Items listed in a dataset
_ _ _ _
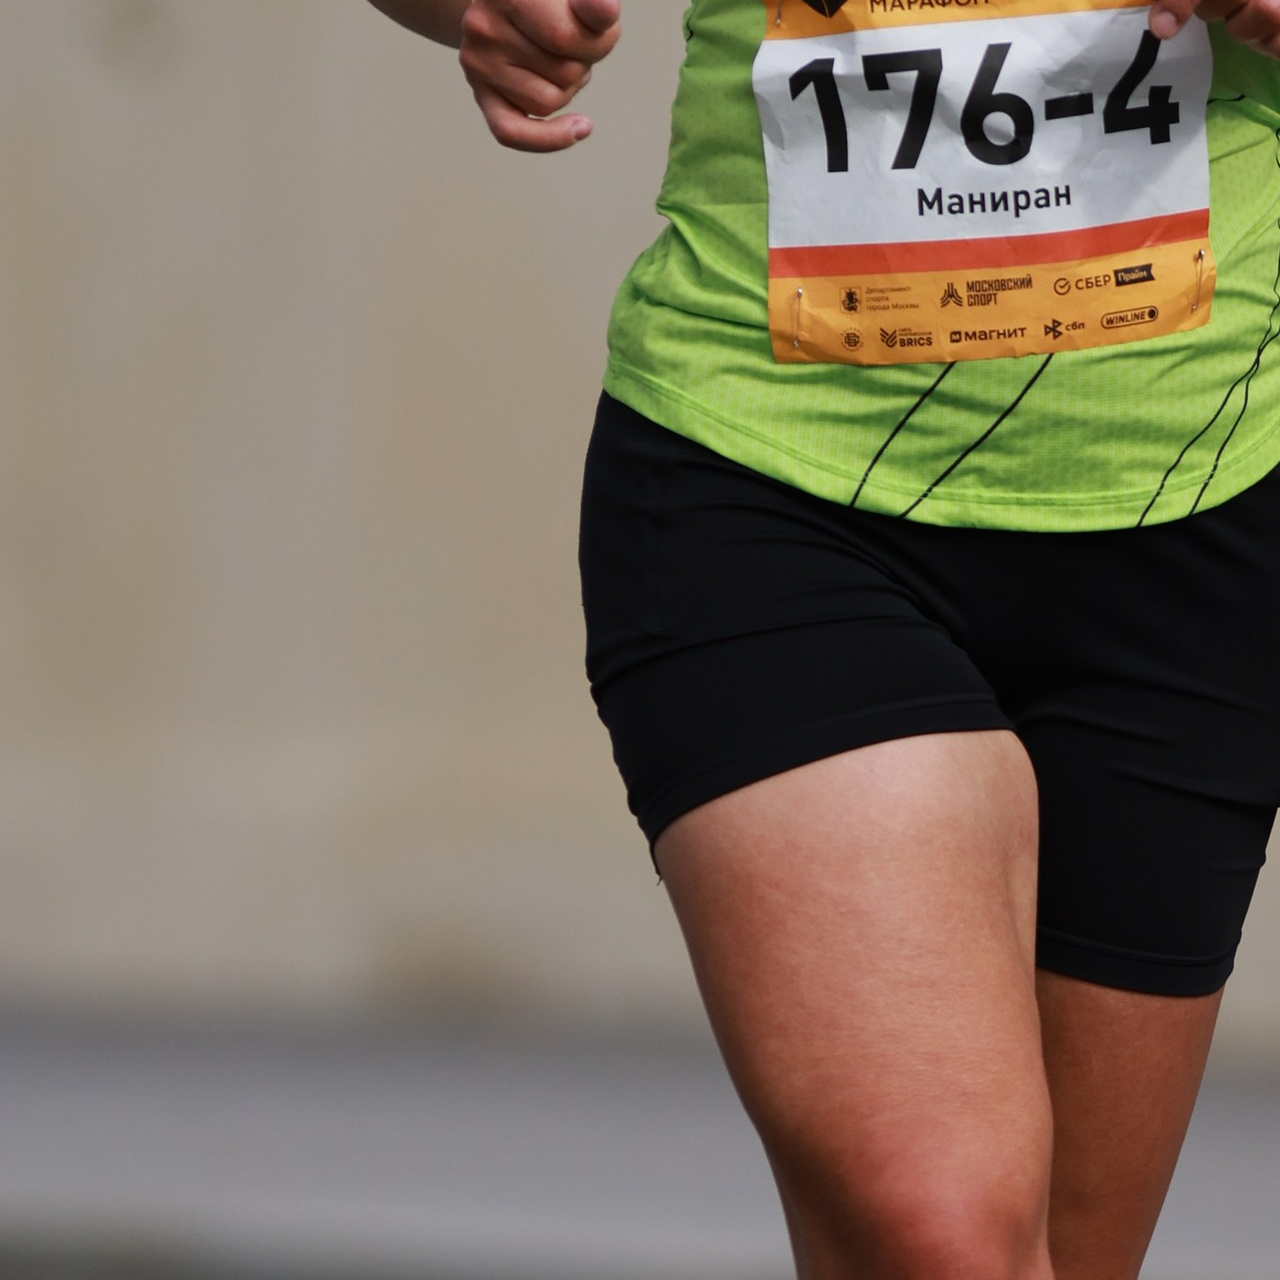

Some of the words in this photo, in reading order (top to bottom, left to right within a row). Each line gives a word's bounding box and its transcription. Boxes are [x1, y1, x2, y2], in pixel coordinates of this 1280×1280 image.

[788, 29, 1180, 173] 176-4
[917, 184, 1073, 217] Маниран
[966, 275, 1033, 294] МОСКОВСКИЙ
[1075, 274, 1112, 291] СБЕР
[967, 292, 999, 308] СПОРТ
[1105, 310, 1147, 326] WINLINE
[899, 336, 933, 348] BRICS
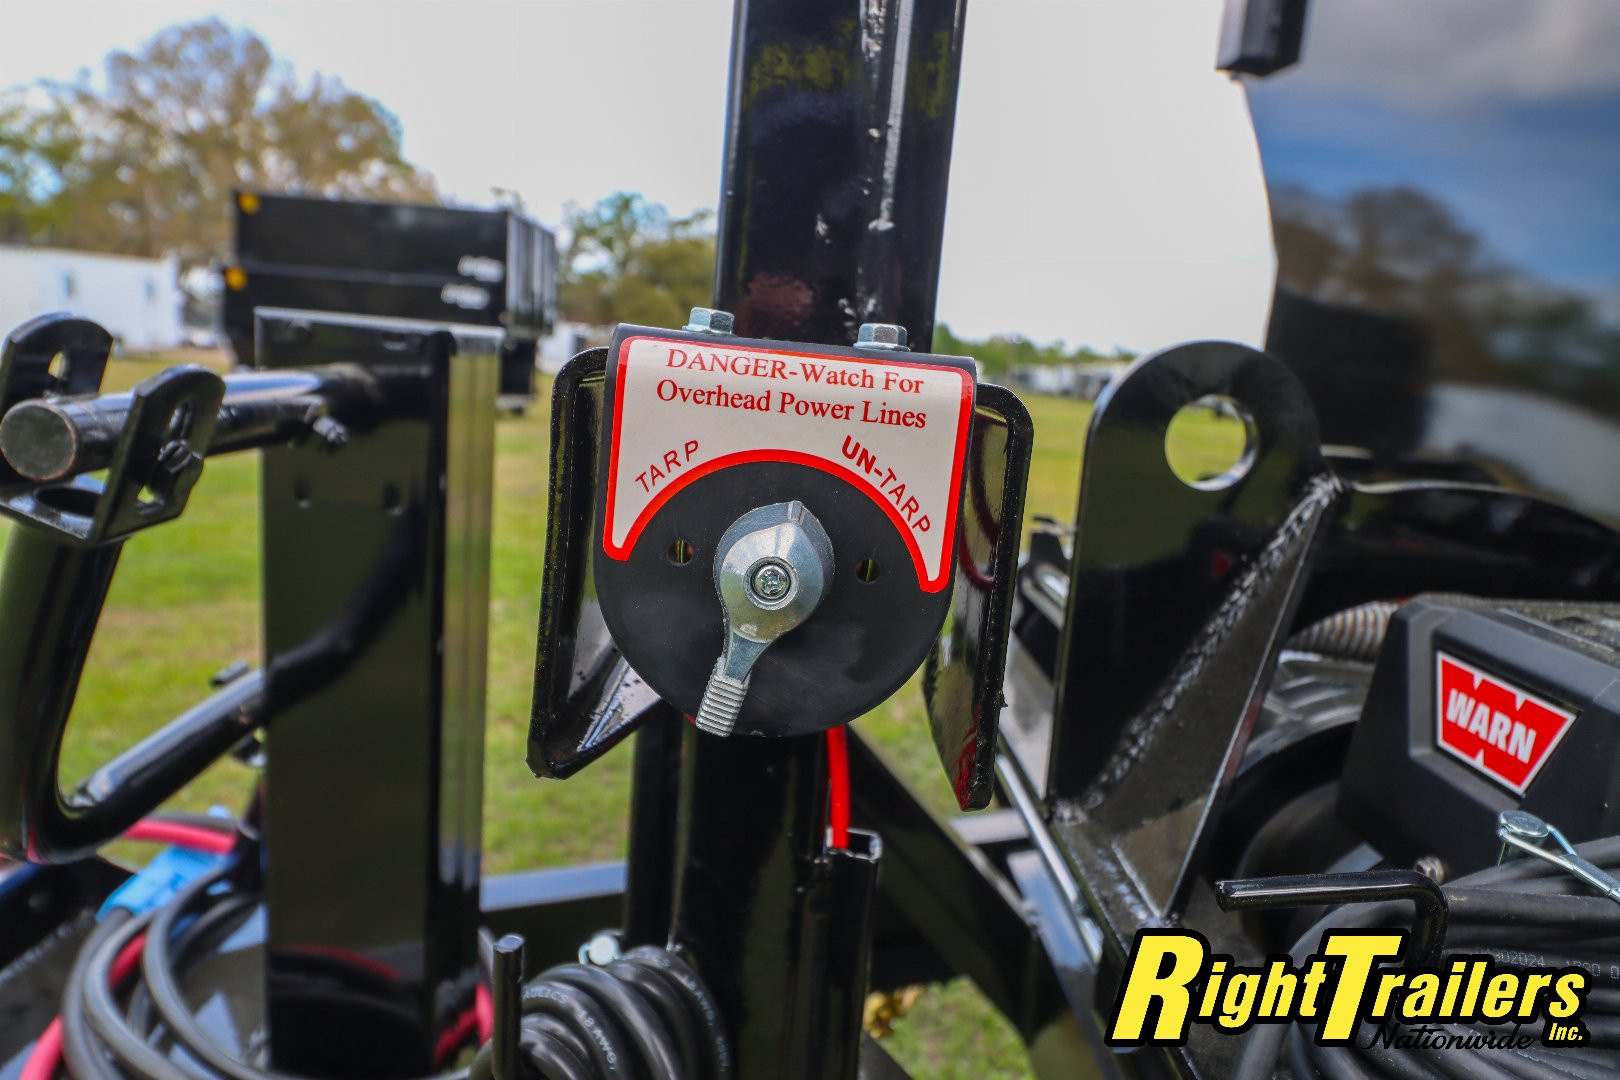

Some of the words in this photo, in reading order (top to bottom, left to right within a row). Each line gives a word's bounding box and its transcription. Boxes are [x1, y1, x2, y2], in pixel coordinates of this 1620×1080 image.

[667, 348, 875, 389] DANGER-Watch
[883, 371, 924, 394] For
[656, 379, 772, 412] Overhead
[779, 391, 856, 421] Power
[861, 400, 927, 428] Lines
[635, 440, 700, 493] TARP
[842, 434, 931, 533] UN-TARP
[1446, 688, 1537, 764] WARN
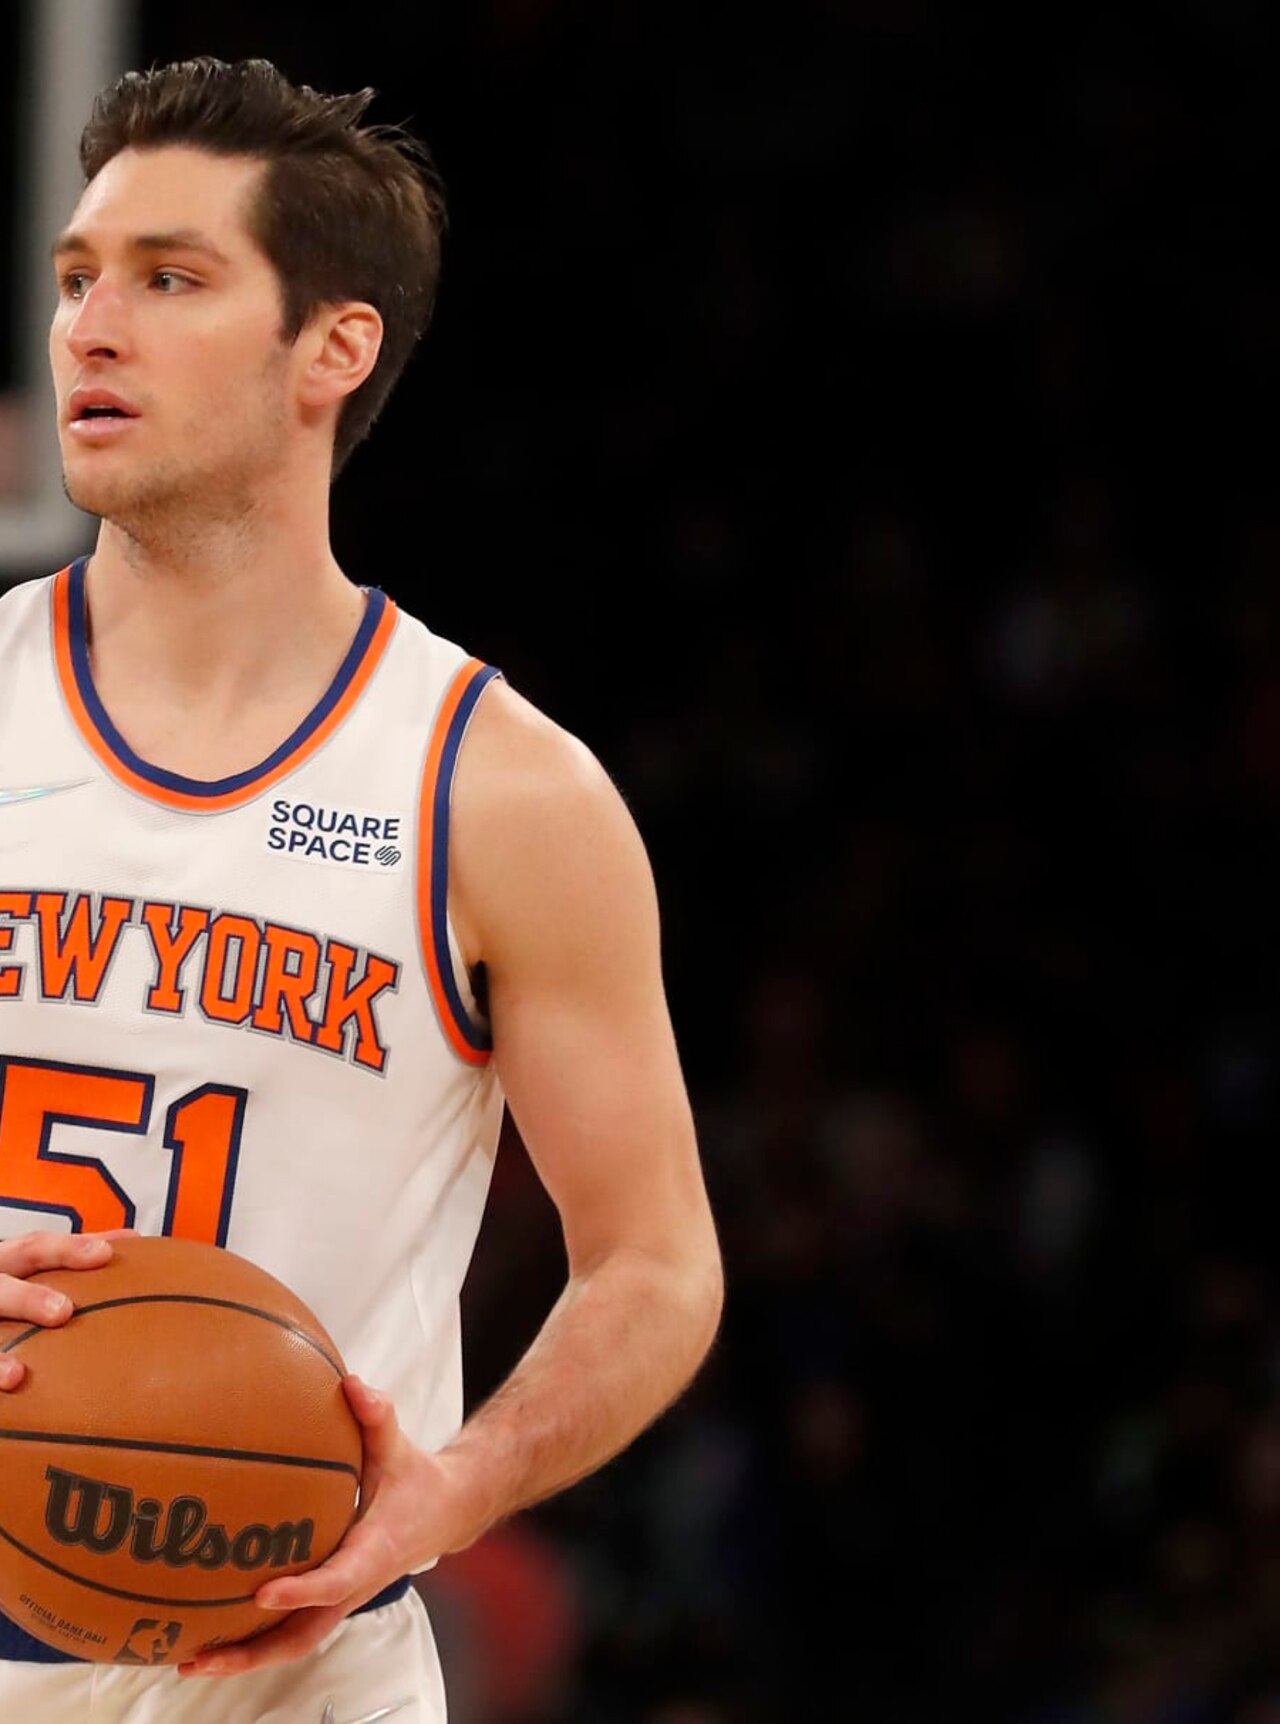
_ _ _ _
_Your objective_
Each line above should be output exactly, apart from the pictures.

_Solution to this task_
Some of the words in this photo, in reading order (top to bottom, left to right within a row). Each line gives a word's bounding box and its transcription. Boxes are [x1, y1, x2, y2], in pixel coordinates of this 1280×1280 image.

[788, 29, 1180, 173] 176-4
[917, 184, 1073, 217] Маниран
[966, 275, 1033, 294] МОСКОВСКИЙ
[1075, 274, 1112, 291] СБЕР
[967, 292, 999, 308] СПОРТ
[1105, 310, 1147, 326] WINLINE
[899, 336, 933, 348] BRICS

Some of the words in this photo, in reading order (top to bottom, left to right within a row). Each line gives a word's bounding box and its transcription. Boxes are [x1, y1, x2, y2], in pixel coordinates of this 1620×1080 image.

[667, 348, 875, 389] DANGER-Watch
[883, 371, 924, 394] For
[656, 379, 772, 412] Overhead
[779, 391, 856, 421] Power
[861, 400, 927, 428] Lines
[635, 440, 700, 493] TARP
[842, 434, 931, 533] UN-TARP
[1446, 688, 1537, 764] WARN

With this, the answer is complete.